# [Fri 11th Nov 2011] BRIXTON ROCK'N'ROLL SLAMDOWN WITH ATOMIC SUPLEX! (London SW9 8LF)



## editor (Nov 1, 2011)

Club starts: 9pm
Band onstage: 11:30pm
DJs till - 2:30am
FREE ALL NIGHT!

Roll up for a loud, sweaty night of sweet rock and roll debauchery with ATOMIC SUPLEX launching their new album, backed by drink-crazed DJs slamming down the floor-filling party tunes, plus original videos, street photo slideshows and more

LIVE ONSTAGE:

ATOMIC SUPLEX

Already a smash in Japan, this loud, trashy rock'n'roll band will be performing their hot new single, 'Rock & Roll Must Die'.

Expect screeching guitars, brain-drilling bass, pounding drums and a half ton of feedback from this awesome garage punk outfit - Sonics meet Guitar Wolf!

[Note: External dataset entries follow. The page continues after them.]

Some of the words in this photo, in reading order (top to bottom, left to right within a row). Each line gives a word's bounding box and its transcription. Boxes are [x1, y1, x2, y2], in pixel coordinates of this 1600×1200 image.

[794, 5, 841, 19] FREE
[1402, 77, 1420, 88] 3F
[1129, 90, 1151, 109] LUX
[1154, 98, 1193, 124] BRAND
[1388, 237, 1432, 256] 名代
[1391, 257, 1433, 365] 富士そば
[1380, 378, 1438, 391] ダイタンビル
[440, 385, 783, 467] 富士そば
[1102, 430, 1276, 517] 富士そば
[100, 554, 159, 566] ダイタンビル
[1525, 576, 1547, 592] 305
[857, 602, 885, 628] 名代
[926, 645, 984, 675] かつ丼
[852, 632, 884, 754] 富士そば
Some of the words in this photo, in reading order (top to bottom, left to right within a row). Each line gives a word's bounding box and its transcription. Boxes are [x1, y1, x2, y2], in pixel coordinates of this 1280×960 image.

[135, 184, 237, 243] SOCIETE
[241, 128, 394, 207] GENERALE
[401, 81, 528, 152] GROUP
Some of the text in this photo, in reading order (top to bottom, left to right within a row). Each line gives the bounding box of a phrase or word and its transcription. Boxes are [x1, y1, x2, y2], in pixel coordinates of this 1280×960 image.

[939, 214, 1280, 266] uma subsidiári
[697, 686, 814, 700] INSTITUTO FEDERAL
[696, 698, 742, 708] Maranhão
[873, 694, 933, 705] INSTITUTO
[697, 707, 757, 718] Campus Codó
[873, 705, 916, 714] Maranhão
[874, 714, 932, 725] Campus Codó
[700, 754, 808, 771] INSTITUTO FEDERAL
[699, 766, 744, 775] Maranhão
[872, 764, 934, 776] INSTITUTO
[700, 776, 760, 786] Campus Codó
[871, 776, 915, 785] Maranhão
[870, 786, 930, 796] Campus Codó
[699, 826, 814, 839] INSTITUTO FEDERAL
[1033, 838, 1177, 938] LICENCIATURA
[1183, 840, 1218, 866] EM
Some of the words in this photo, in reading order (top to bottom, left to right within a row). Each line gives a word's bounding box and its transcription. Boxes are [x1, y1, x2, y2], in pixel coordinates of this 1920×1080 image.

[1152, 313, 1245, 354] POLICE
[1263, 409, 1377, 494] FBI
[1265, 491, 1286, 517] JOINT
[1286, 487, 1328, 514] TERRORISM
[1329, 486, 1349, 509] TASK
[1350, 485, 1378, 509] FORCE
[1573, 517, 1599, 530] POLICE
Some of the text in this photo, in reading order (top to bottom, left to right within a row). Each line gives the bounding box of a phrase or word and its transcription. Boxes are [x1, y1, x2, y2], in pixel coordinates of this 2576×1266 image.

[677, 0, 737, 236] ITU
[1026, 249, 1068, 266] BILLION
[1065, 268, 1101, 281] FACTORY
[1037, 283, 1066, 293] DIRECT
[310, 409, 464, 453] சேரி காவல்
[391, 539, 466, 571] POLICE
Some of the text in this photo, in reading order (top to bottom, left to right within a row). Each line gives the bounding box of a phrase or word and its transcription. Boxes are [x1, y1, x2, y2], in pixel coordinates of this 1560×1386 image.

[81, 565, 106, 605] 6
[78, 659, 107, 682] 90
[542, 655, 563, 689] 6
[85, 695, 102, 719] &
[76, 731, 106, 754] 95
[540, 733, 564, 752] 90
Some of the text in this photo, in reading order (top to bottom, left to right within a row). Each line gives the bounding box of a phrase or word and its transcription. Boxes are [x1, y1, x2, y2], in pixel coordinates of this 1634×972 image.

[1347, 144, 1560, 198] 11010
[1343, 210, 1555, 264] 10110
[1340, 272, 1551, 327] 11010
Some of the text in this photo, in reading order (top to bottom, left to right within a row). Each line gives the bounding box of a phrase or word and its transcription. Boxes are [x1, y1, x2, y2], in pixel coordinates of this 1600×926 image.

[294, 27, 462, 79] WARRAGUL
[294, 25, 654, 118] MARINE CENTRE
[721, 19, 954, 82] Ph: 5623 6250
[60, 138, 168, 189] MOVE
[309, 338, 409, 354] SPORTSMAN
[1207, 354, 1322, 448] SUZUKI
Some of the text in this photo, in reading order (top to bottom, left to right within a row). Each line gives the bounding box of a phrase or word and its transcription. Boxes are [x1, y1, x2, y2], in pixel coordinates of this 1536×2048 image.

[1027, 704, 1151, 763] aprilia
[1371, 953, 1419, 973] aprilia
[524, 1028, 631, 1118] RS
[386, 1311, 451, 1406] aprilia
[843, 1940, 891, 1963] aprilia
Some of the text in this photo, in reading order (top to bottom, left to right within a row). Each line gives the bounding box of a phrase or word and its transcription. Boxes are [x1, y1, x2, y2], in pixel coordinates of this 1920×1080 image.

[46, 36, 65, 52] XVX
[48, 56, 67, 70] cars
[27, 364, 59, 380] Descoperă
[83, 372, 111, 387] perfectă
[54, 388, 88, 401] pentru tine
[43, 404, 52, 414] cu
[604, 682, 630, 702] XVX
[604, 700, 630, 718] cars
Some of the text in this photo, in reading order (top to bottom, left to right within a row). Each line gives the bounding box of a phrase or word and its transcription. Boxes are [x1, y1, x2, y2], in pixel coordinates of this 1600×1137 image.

"Not so much a sonic cathedral as a sonic corrugated iron shed" Time out "Soon to be huge with their Ramones in a blender sound and their furious live show" Croydon WIRED
"Screaming, overdriven rock n roll compression at it's best. Atomic Suplex are the British Guitar Wolf, the English Lightning Bolt or maybe the London New York Dolls" DHTBT
...deliver Garage-Punk smashers X-Mist Germany
"Atomic Suplex dispense with the formalities (read: the tune) altogether, preferring to unleash one and a half minutes of pure offensive distortion. [They are] a rare thing of beauty - and deserve your ass for dinner" Artrocker

DJs
We'll also have a full crew of hard-drinking Offline regulars throwing down a top selection of tunes, including:

EDITOR (urban75)
An ale-fuelled onslaught of ska, punk, rock'n'roll, big band, rockabilly, Mrs Mills & Liberace in a floor stomping package proving that drinking'n'DJing can be a perilous trade.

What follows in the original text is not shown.